Exercise prompt — In the copy, keep every line below as it is and leave out the pictures.

Data for processing —
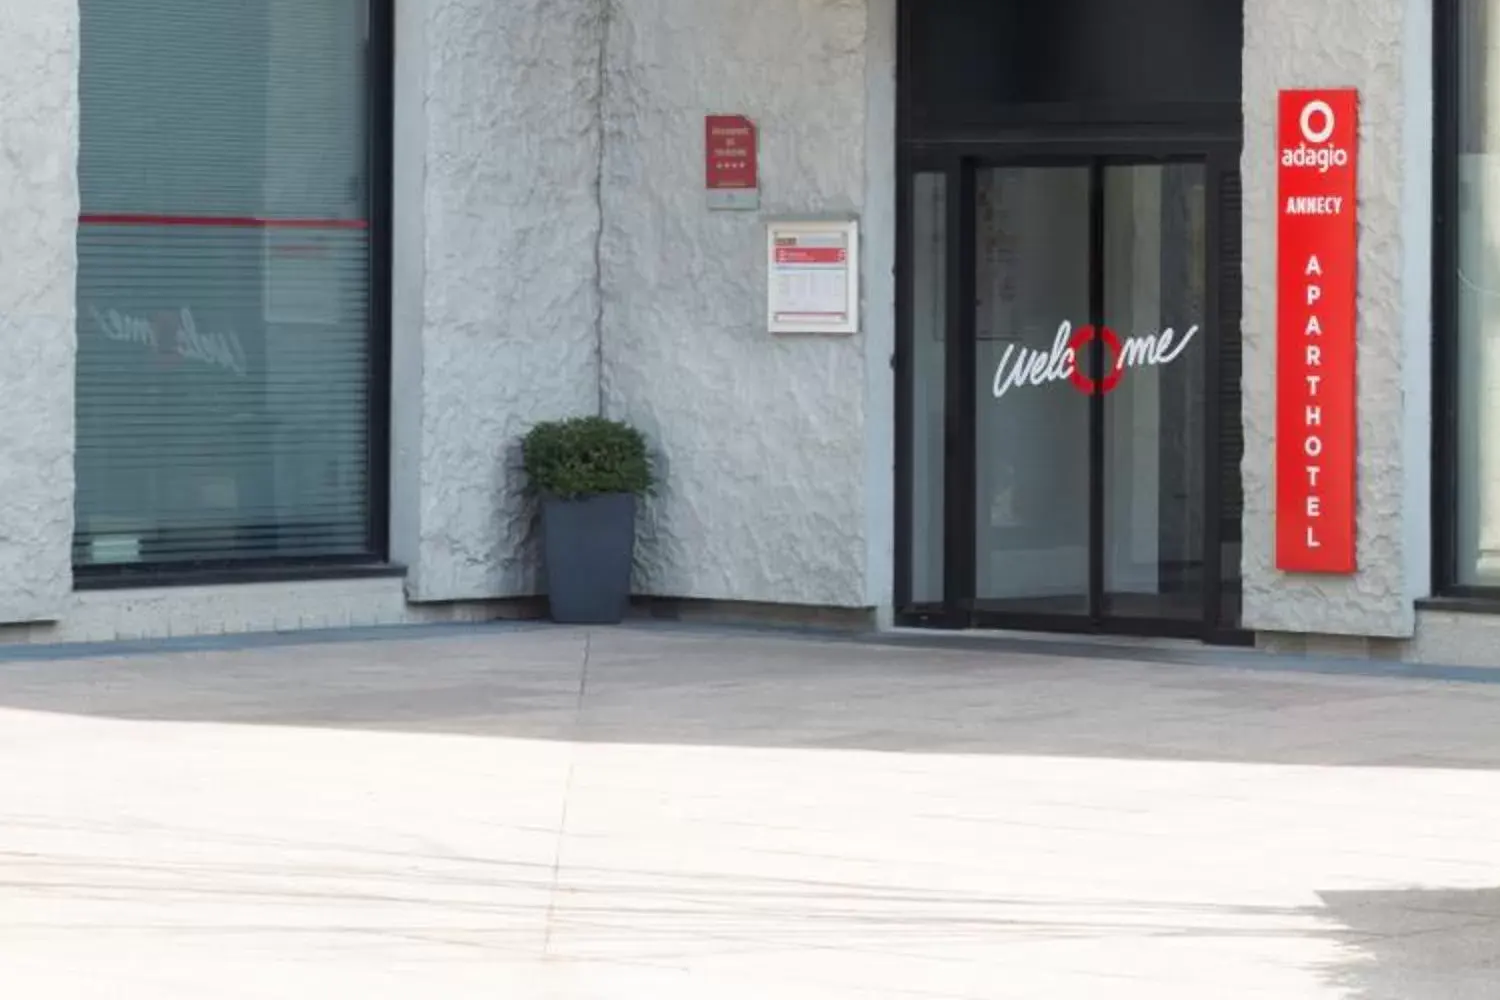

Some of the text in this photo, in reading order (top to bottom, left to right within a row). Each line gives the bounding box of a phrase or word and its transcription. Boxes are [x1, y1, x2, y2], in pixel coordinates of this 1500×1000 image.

[1281, 144, 1347, 172] adagio
[1286, 196, 1343, 214] ANNECY
[1304, 255, 1322, 547] APARTHOTEL
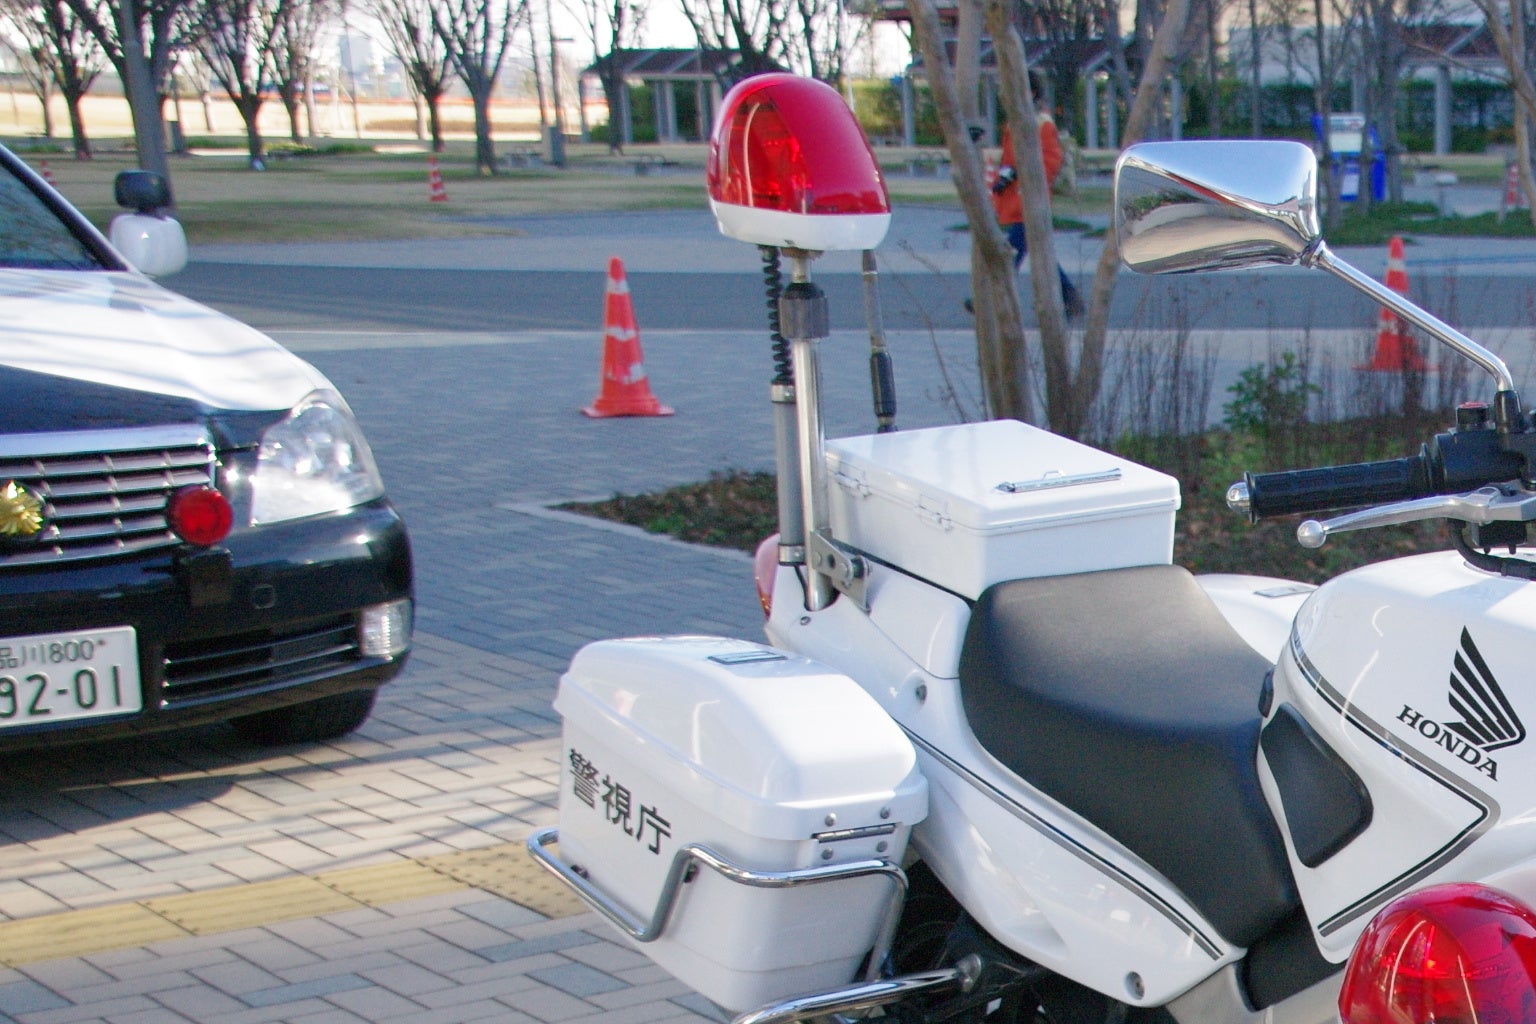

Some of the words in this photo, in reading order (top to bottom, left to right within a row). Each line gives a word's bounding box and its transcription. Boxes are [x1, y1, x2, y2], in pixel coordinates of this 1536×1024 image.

[1396, 704, 1499, 782] HONDA
[569, 748, 672, 855] 警視庁

Response below —
Some of the text in this photo, in reading order (top to bottom, left to right within a row). Each line gives the bounding box of a phrase or word and its transcription. Boxes are [x1, y1, x2, y2], in pixel coordinates of this 1500×1000 image.

[1281, 144, 1347, 172] adagio
[1286, 196, 1343, 214] ANNECY
[1304, 255, 1322, 547] APARTHOTEL

Some of the words in this photo, in reading order (top to bottom, left to right within a row). Each line gives a word's bounding box and its transcription. Boxes are [x1, y1, x2, y2], in pixel coordinates of this 1536×1024 image.

[1396, 704, 1499, 782] HONDA
[569, 748, 672, 855] 警視庁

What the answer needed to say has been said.